The vast majority (99%+) of all grapevines that produce wine today can be traced back to a single grapevine that appeared between the Black and Caspian Seas in the Neolithic period. This was a vine that became ‘perfected’ (basically hermaphroditic), likely due to early human discovery of a genetic mutant that produced an amazing amount of fruit in the wild. That single hermaphrodite vine was propagated, traded, traveled and planted throughout the ancient world. Everywhere it was put in the dirt it mutated into the varieties that we recognize today.
Then those varieties went through further genetic mutations to become slightly distinct from each other. These became cultivars, and the pure genetic mother of each cultivar is a numbered or coded plant that, theoretically, produces the scion material for every plant that bears its code. But even this idea has problems. Every time a ‘mother cultivar’ pushes buds into shoots, those shoots are genetically distinct from the canes from whence they pushed. The numbered ‘mother’ (e.g Pinot Noir 777) exists at ENTAV and at Foundation Plant Material Services at UC Davis—but guess what? They are not genetically the same plant after one year in the ground. They have adapted to their individual soils, climate, —merde, I almost said terroir. In other words, there is no such thing as a clone. Do these ‘clones’ produce a style of wine that is similar to the same clone in other regions? Yes. Pinot Noir 667 will taste like Pinot Noir when it is planted in an amenable site—but tests have shown that tiny differences in soil, climate and aspect often trump the importance of clonal selection in a pinot noir vineyard.
But it gets worse! When vineyards in the US are replanted, we rip out the wonderfully adapted plants that have developed and mutated to match the microclimate where they are growing, and we ‘reset’ the vineyard by using ‘pure’ clonal material every 25-40 years.
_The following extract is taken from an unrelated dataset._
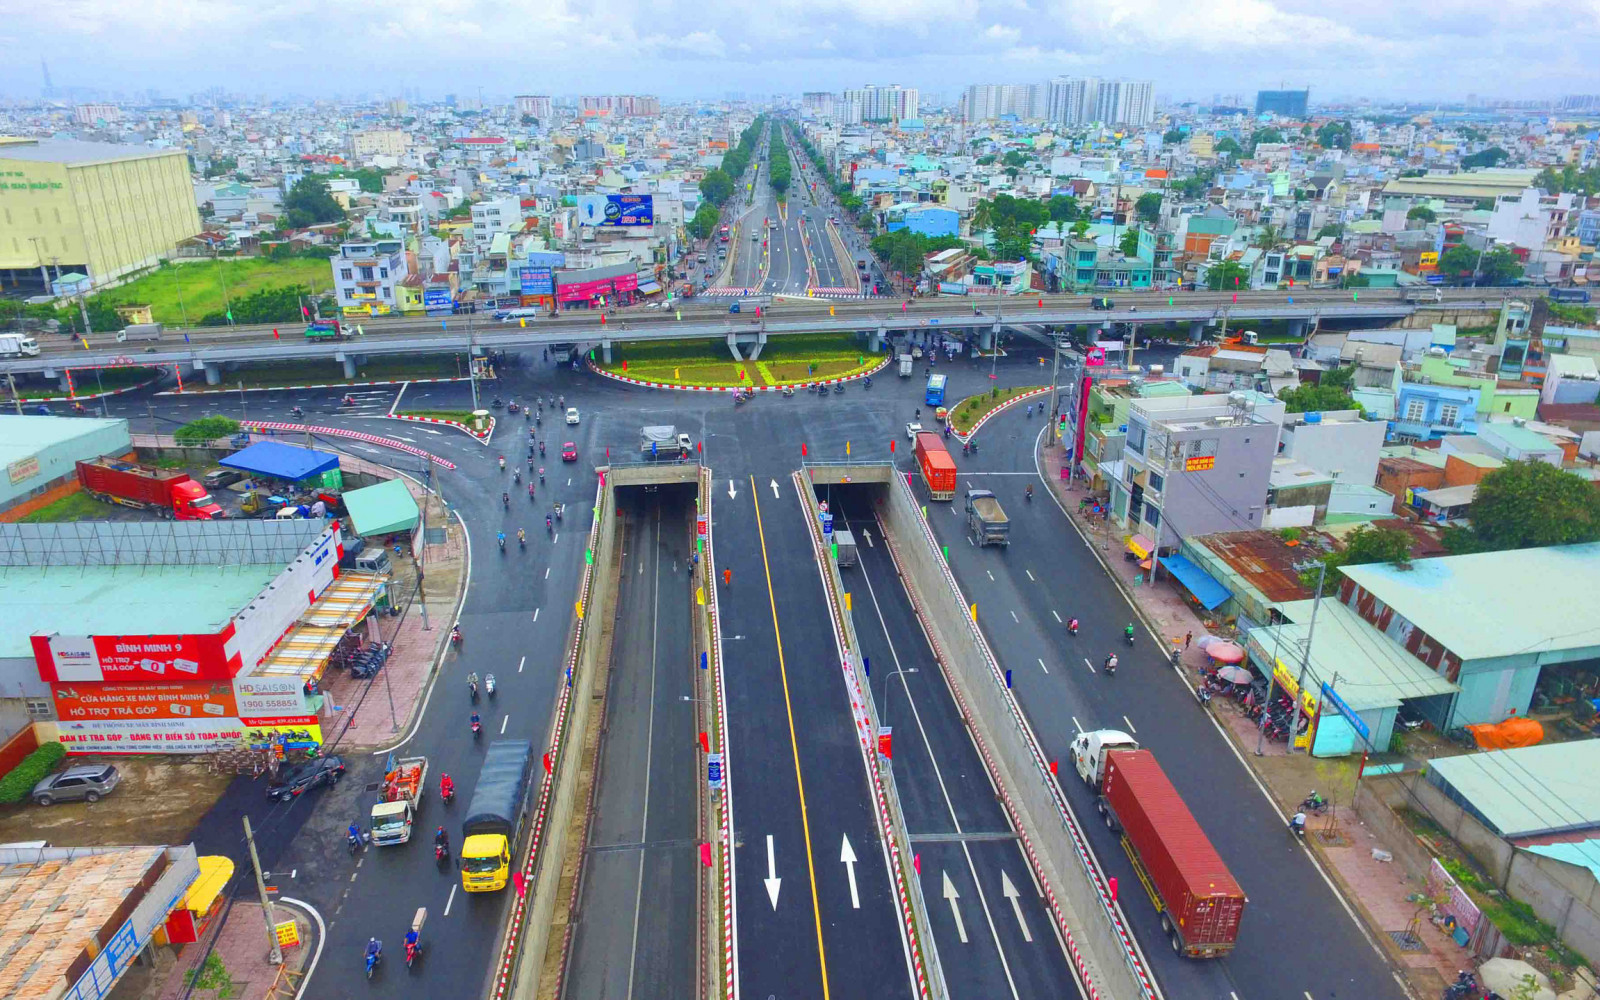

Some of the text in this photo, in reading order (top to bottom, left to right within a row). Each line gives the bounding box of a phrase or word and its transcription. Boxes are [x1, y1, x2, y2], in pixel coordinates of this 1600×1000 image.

We are hamstringing our own viticultural evolution, neglecting our vineyards’ desire to mutate into vines that are adapted to our own growing conditions.
Of course we have to plant something, and this is where our article is heading, but by relying on clones we are guaranteeing that we never develop our own heritage varietals, the final step to becoming a truly independent wine culture. I have always wanted to replant my family’s vineyard with massal selection: having vines custom grafted from buds sourced from our most perfectly balanced pinot noir and chardonnay vines, regardless of ‘clone/cultivar’. In this way, the vineyard will maintain every genetic advantage gained from climatic/soil adaptation vis a vis human intervention and choosing for balance and quality. Ironically, this is the way the French replant their vineyards. I guess I’m just another sucker for French vine culture. C’est la vie.